In a time when LGBT cinema is evolving and now blurring the lines between indie filmmaking and adult cinema to intelligent effect (I Want Your Love, Stranger By The Lake, Int : Leather Bar, Looking), King Cobra misses a chance to really be the queer Boogie Nights.

In telling the nearly known story of queer adult cinema’s millennial golden boy Brent Corrigan (Garrett Clayton) and the rise, fall and thirtysomething obscurity of his career, King Cobra has the intentions to go all the way but slightly pulls out at the last moment from being a great movie. Despite a cracking Eighties synth score (one can forgive that being out of historical context), nifty pacing, branding (it is very aware of Looking), producer James Franco’s ongoing gay movie project and a very queer lens it also has none of the character scope, intent, sense of time, sense of sexuality and that vital sense of Californian location that marked out Boogie Nights as a modern classic of American cinema.

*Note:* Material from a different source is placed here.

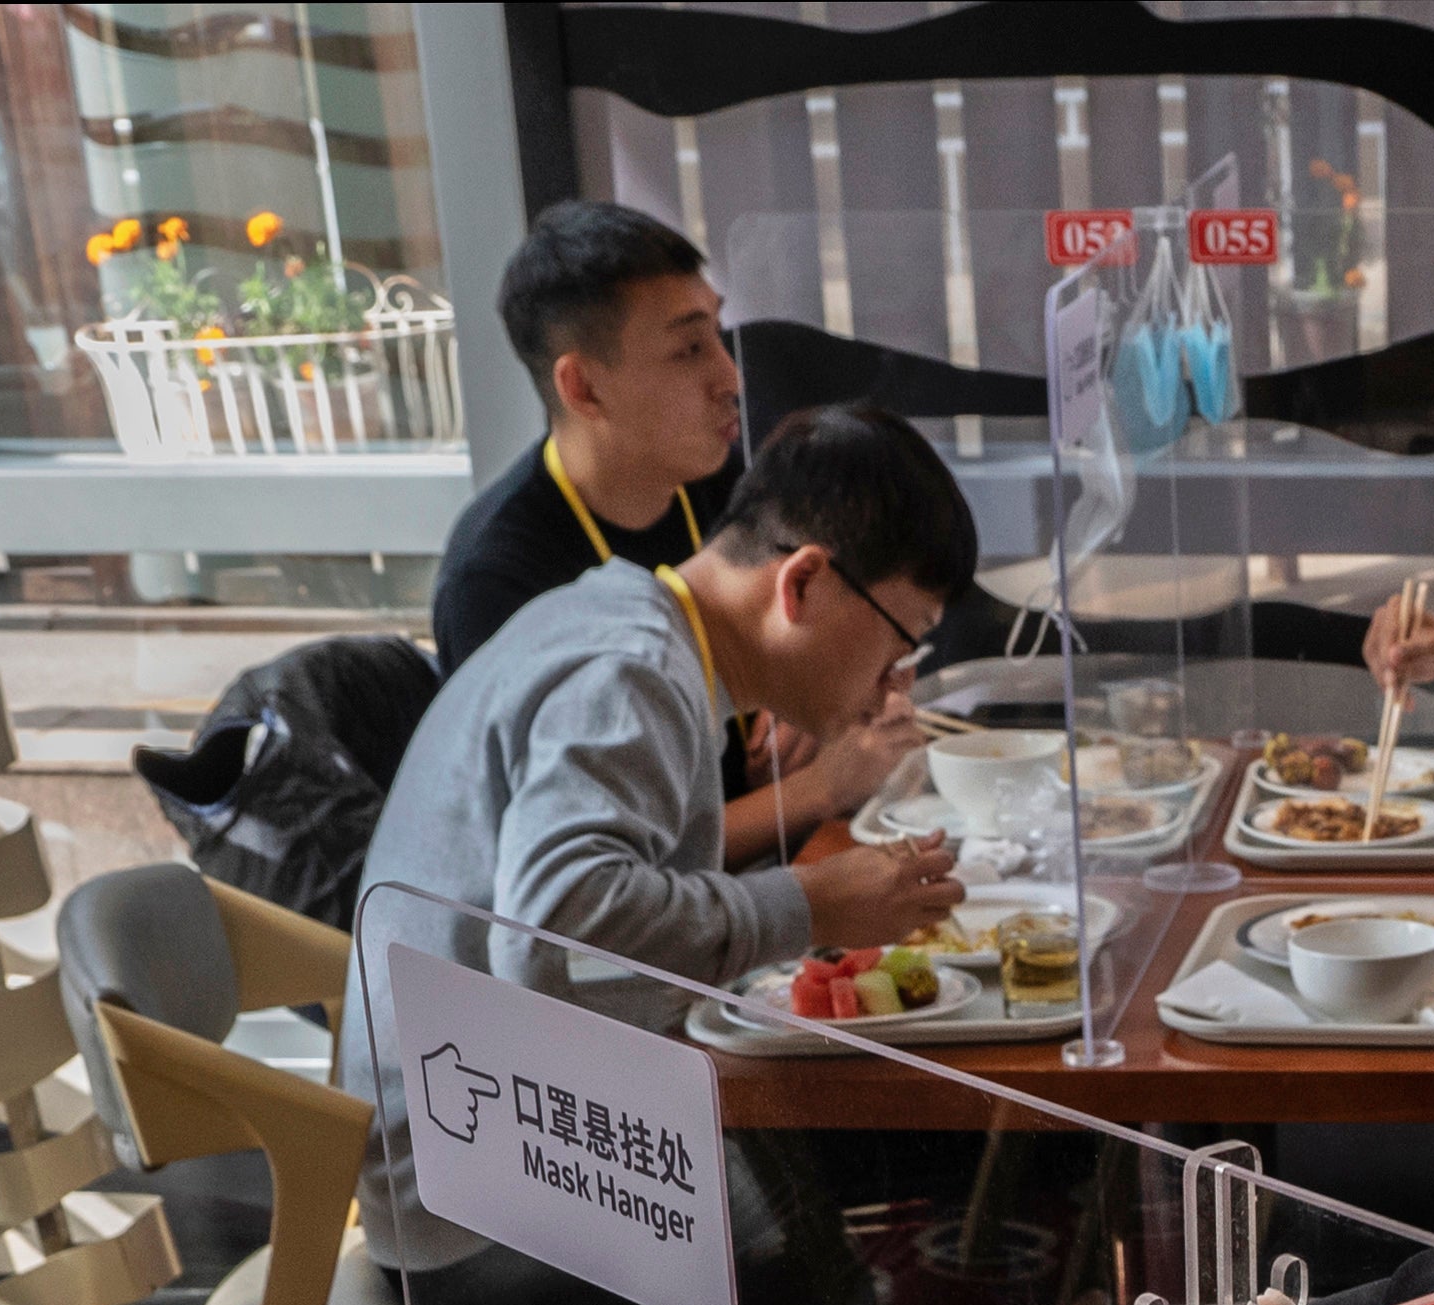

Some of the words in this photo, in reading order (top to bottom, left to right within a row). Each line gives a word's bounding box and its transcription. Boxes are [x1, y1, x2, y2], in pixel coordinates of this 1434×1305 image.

[1204, 219, 1270, 255] 055
[511, 1074, 696, 1195] 口罩悬挂处
[522, 1140, 593, 1203] Mask
[596, 1170, 696, 1244] Hanger

Despite James Franco on solid, weight pumping form and a great throwback cast including Christian Slater (oh how the twink tables have turned since he was the young newbie in In The Name of The Rose), Alicia Silverstone (on really good form as Corrigan’s perfectly pitched young California mum) and Molly Ringwald (rocking some marvellous Republican hair), this film needed more meat on its various bones and a greater sense of its industry’s politics and its place in that world. There is no sense or comment of the wider gay movie industry other than the basement studios of labels Cobra and Viper. In an era where the lucrative adult DVD world gradually became an online world and hence everybody’s market, King Cobra seems to curiously operate in an analogue world. It is often too tied up with the ludicrous, but admittedly true beats of the story that – although it comes with great queer movie making credentials in director Justin Kelly (I Am Michael) – the film ultimately emerges as a very straight, very safe film about gay adult cinema making all those straight judgments about predatory homosexual men, nubile young innocents, drugs, vanity and hedonistic mood lighting. King Cobra pins itself to the real life OMG moments, yet without the necessary judgment, opinion and flair to make this story stand out as a money shot of contemporary queer cinema beyond its last act tragedy and legal-baiting ages of consent. Issues of ageing in that industry, HIV/AIDS, queer rights, the Republican era it all happened in and the slight legitimisation of the gay porn industry in the wider gay media are all side-lined. The real life and particularly brutal tragedy of one participant’s murder should not just form some neat climax, but the starting point of a deeper, more penetrative look at sexuality via the camera, internet and youth. Like its real life gay porn influences it does however contain a humour, hot flesh, those terrible gay porn scripted overtures into the action and maybe needs to be two inches – sorry – twenty minutes longer. Less of a king, more of a princess.